3) For amplitude - Why not scale the fft to get to PSD units?

I think we'd like amplitude in the units of the signal. What are PSD units and why are they useful?

4) We almost never worry about power of 2 nfft any more. Power of 2 Nfft was dictated by speed not accuracy. Faster algorithms and computers have alleviated those limitations. No need to worry about zero padding or clipping data lengths to size anymore.

Good to know. All examples I've ever come across have all this. Do you have a nice example of doing this without all that?

5) If you do need to use the full time history in one spectrum, there are a couple techniques such as the cumulative power density that can give you a nice smooth plot of RMS vs. Frequency.

Example?

I've got a bunch of code that does all of this and will run the data through it. If you want to make a bunch of PSDs to average together quickly, take a look at spectrogram.m and pwelch.m.

Where are these files?

humphreysb commented 9 years ago

This may have turned into so much more then you want to know.....

I have MATLAB code, but no Python. In MATLAB spectrogram.m (in the Signal Processing Toolbox) can make the series of fft (actually PSDs) that you can then average across. I think there should also be a function in base MATLAB still around called specgram.m. Pwelch and specgram return pretty good results, we tweeked them for scaling issues we found and wrapped a bunch of analysis around them.

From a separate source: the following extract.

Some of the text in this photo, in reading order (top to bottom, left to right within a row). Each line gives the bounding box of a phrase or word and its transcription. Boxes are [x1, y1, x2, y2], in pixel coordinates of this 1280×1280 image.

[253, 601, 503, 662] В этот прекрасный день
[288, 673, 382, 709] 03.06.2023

So the window does 2 things all related to the "start-up" and "stop" transients at the beginning and end of the signal: 1) If the first sample (or the last) is a non-zero value, due to where you "grabbed" the data, it has an artificial offset and so too will the spectrum. 2) The offset also "rings" the spectrum like an impulse transient. In an unaveraged spectrum, it will show up as high frequency ringing. Keep in mind, both of these are a function of which sample you chose to start with in any fft. Windows such as Hanning or Hamming, "pinch" the ends of the signal to zero. Ahhh consistency! There are then scaling factors that you multiply the FFT to adjust for the pinching.

Power 2 was needed when FFT algorithms used a scheme called radix-2. And even then it was only really a speed consideration. Here is a good review of the algorithms but I might also be able to find something in a text book that you can reference: http://www.mathworks.com/company/newsletters/articles/faster-finite-fourier-transforms-matlab.html Functions such as spegram where speed is paramount and signal length (zero-padding) is not a concern still use power2 NFFT. (You can just not use the last PSD returned from specgram when you spectral average).

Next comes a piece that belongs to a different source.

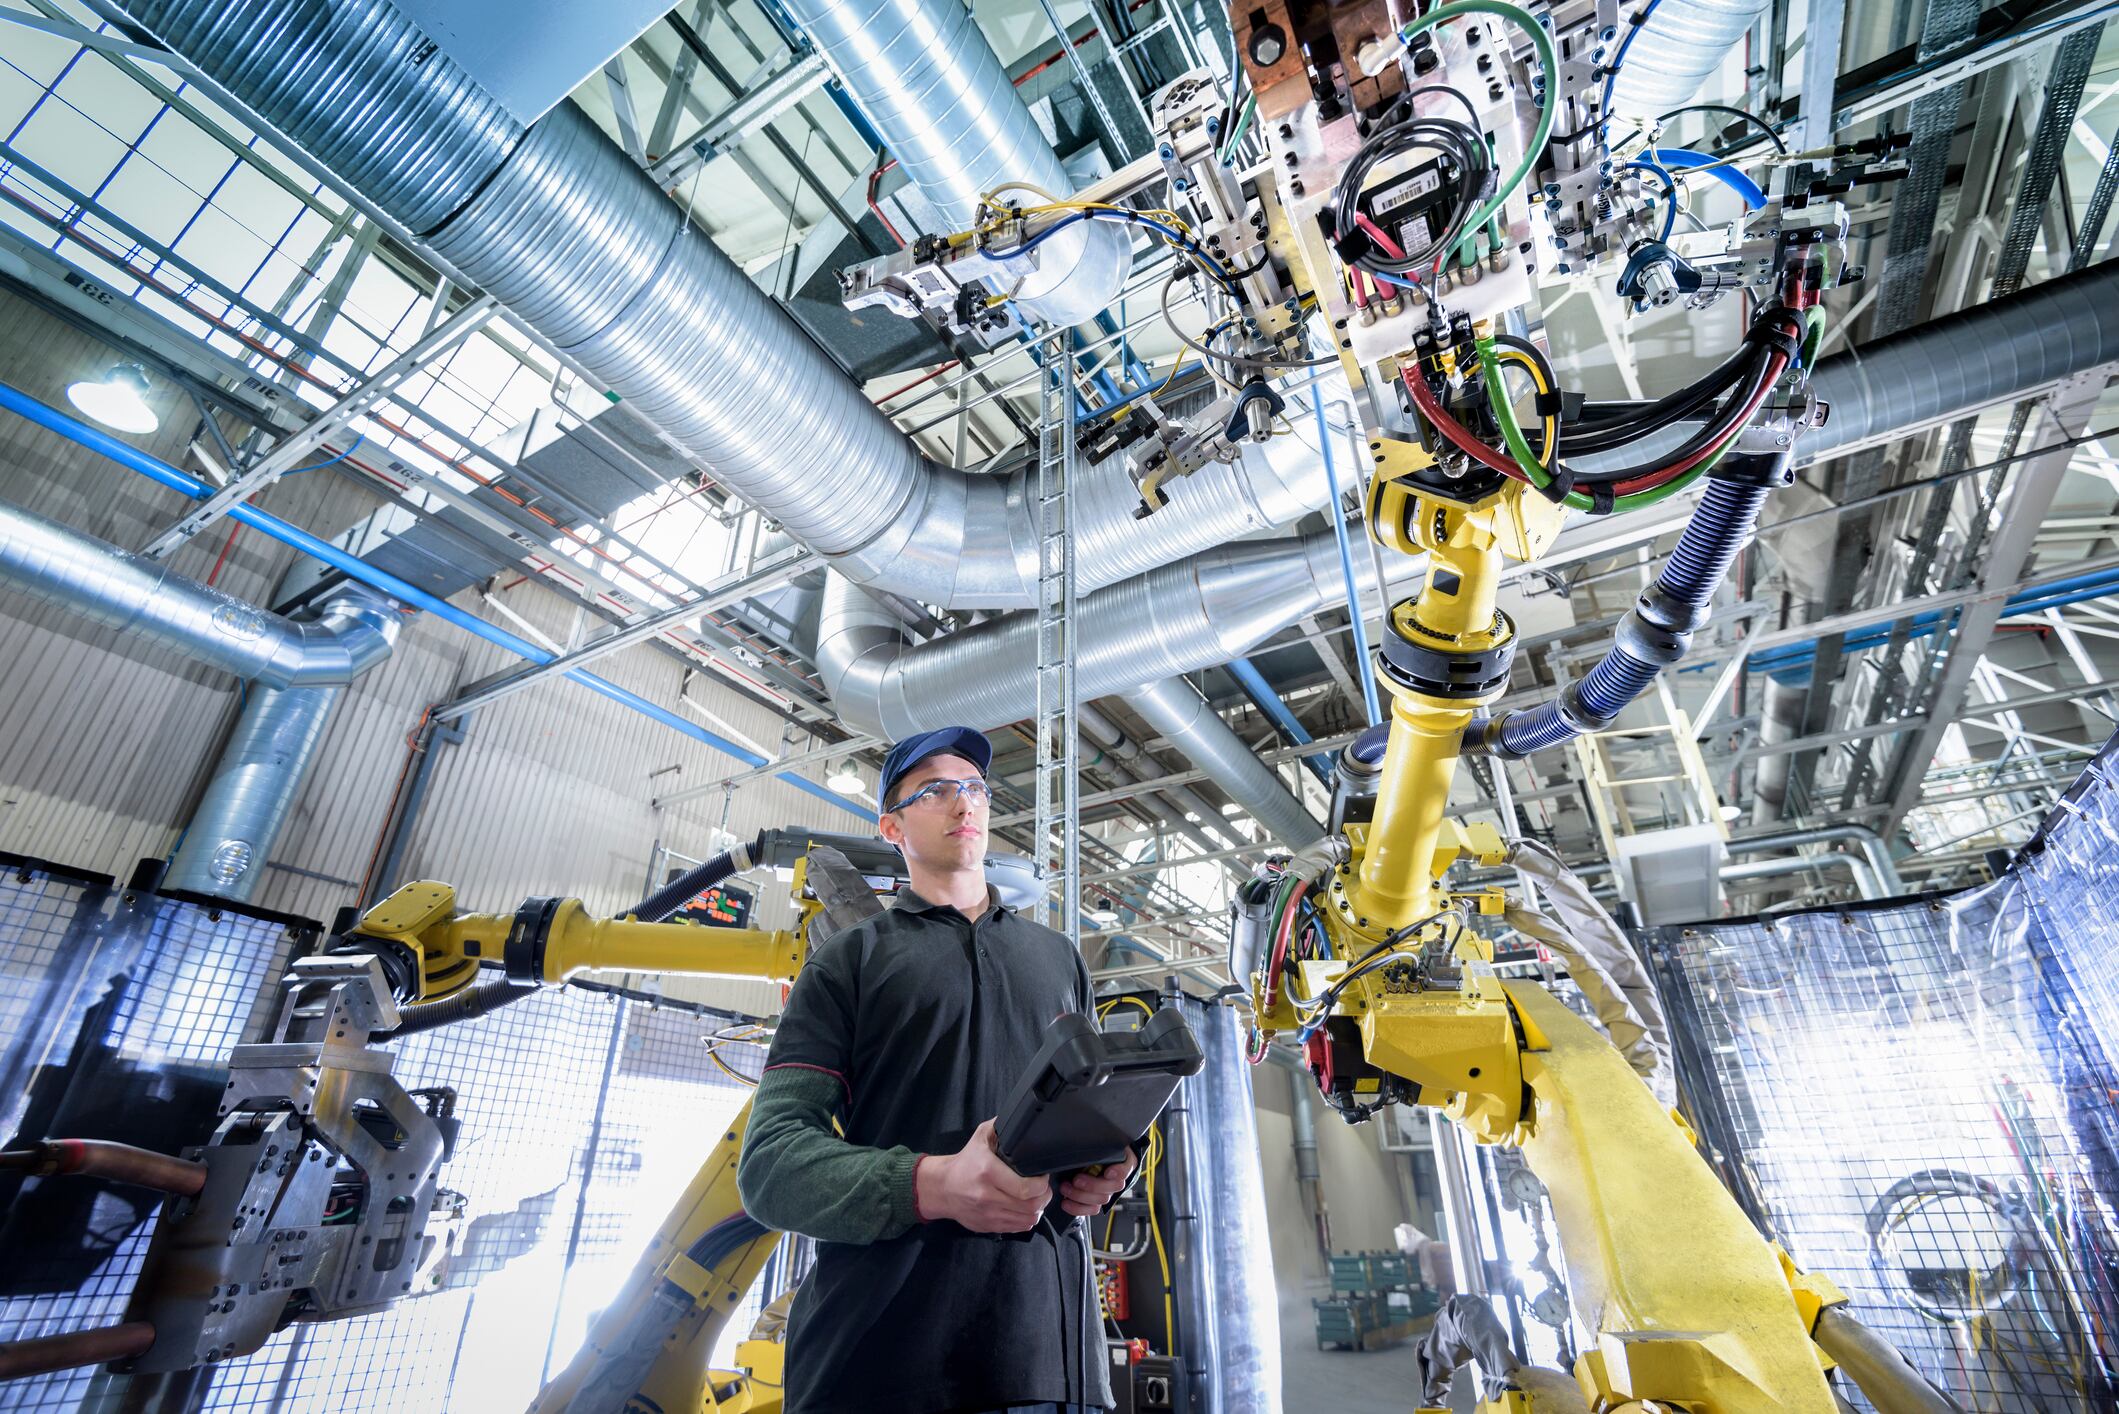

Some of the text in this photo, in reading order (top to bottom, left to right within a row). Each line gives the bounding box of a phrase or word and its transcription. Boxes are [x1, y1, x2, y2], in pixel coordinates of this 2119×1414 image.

FFT units in the raw are notoriously mis-scaled. Often times, they don't take into account 1/Nfft or 1/fs that is embedded in the fft algorithm. We almost never report them. While the units look convenient they're just problematic. You are interested in where the power resides in the spectrum. Some people say "who cares about the units". But then why not just do it correct and use PSD units? If you want to have some fun... run a signal with a couple of pure sinusoids and some random Gaussian noise through a FFT algorithm with raw units output; it probably won't match your expectations. That's why you mostly see PSD units used when there is random content.

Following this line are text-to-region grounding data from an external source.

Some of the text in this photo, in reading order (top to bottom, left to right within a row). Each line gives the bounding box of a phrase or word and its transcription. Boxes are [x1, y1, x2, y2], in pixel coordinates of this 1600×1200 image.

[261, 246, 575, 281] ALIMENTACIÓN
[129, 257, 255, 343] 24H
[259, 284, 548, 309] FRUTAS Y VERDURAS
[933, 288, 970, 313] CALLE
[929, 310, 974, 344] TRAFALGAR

Units: FFT: vel (vel=m/s) PSD: vel_rms^2/Hz <---- Not intuitive units, but that's power and tells you where the signal's power resides.

So what if you want more intuitive units: If you take the square root of the area under a section of the PSD, you get units: vel_rms (this is called Parseval's theorm). These are signals with random components, so RMS values are correct. What if you start at 0Hz and open up more and more of that area? You get what is called Cumulative Power Spectral Density.

I'll look at the data from the report. For illustration, I grabbed a quick example from data I took tap testing some hardware to determine it's first flexible body mode (this breaks some of my own comments above as I was measuring a transient). See how you get nice vertical lines in the cumulative accel plot where there is energy? (It the signal was periodic and not a transient, the value in the octave band plot at the bottom would exactly match the RMS value of the time history, but alas I am using a transient).

screenshot from 2014-12-16 12 07 28

I can see if I can get together some MATLAB code that does this and get it to you. Is MATLAB OK? Do you have signal processing toolbox? I may punt though on the rest of the review to get it done.

I'll also see if I can get the in-house code that we developed here to you. We (another engineer and I) rolled our own functions and validated them. Years of work in that. I have always wanted to check into whether I could release into the public domain, but have never done it. I might be able to.

moorepants commented 9 years ago

Thanks Brad that is helpful and not more than I wanted to know. I always like knowing more :)

But, I'm not sure if we are trying to show what a periodogram shows. We simply want to give an idea of the frequency content of the signal and how far away from white noise it is.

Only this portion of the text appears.